Augmented orexin/hypocretin signaling underlies negative affect during acute oxycodone abstinence in rats.

Opioid use disorder (OUD) is associated with a withdrawal-induced negative affective state, which contributes to uncontrolled use via negative reinforcement. The orexin (hypocretin) system is implicated in physical opioid withdrawal. We sought to test whether the orexin system is involved in negative affect during withdrawal from chronic prescription opioid exposure. Rats received non-contingent saline or oxycodone over 21d and were assessed for behaviors indicative of negative affect. We tested whether chronic oxycodone was associated with changes in orexin cell number or activity. We used chemogenetics in transgenic rats to modulate the activity of orexin neurons to determine their functional role in development of negative affect. Chronic oxycodone induced a negative affective state during acute abstinence that included relative weight loss, allodynia, and anhedonia-, anxiety, and despair-like behaviors.
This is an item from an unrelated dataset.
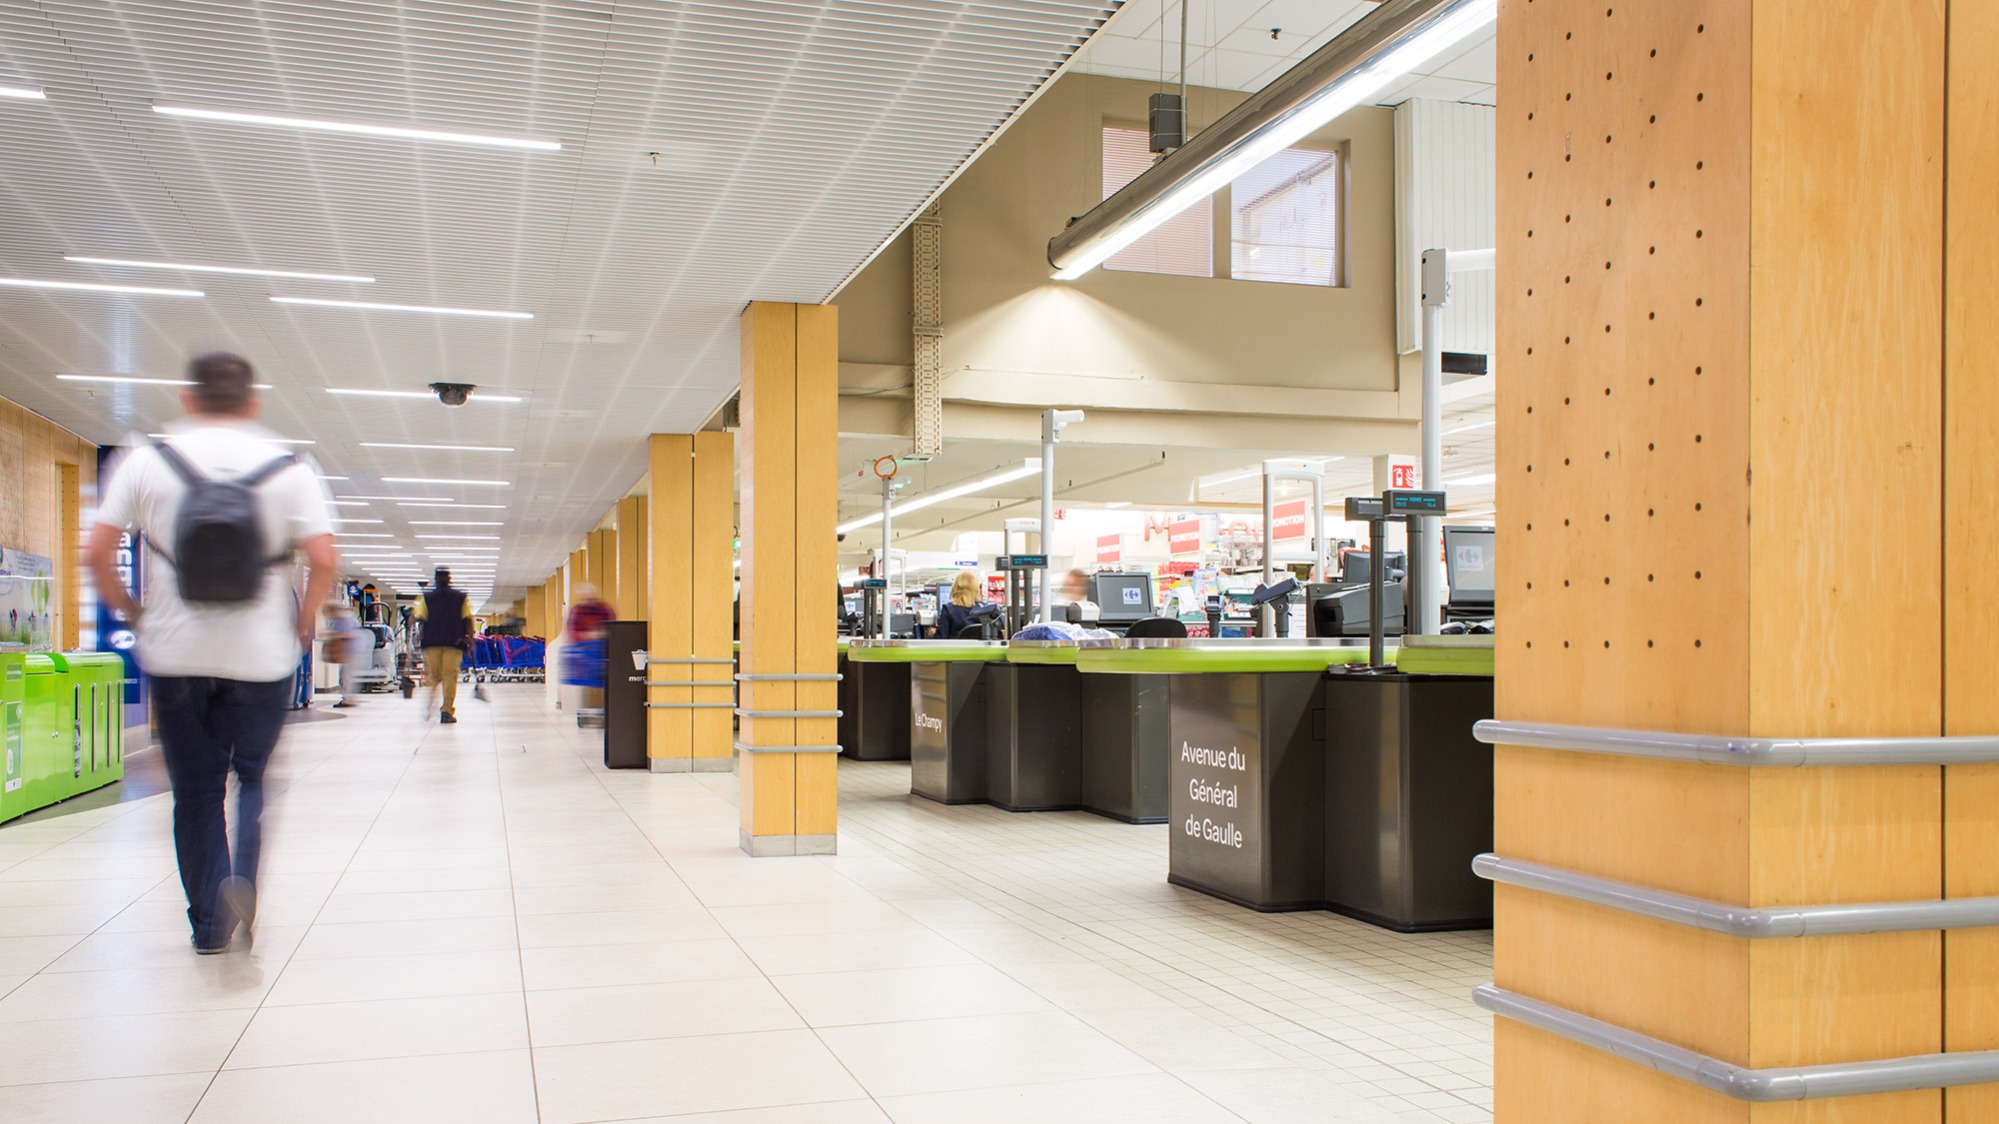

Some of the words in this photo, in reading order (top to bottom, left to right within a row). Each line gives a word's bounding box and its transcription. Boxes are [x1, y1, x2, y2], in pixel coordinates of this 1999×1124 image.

Oxycodone treatment was associated with an increase in the number and activity of orexin-immunoreactive neurons; the magnitude of negative affect severity directly correlated with the number of activated orexin neurons during acute abstinence. Chronic chemogenetic inhibition of orexin neurons concomitant with oxycodone exposure attenuated development of affective symptoms. Our data support a role for the orexin system in opioid withdrawal-associated negative affect and highlight this system as a potential treatment target for OUD.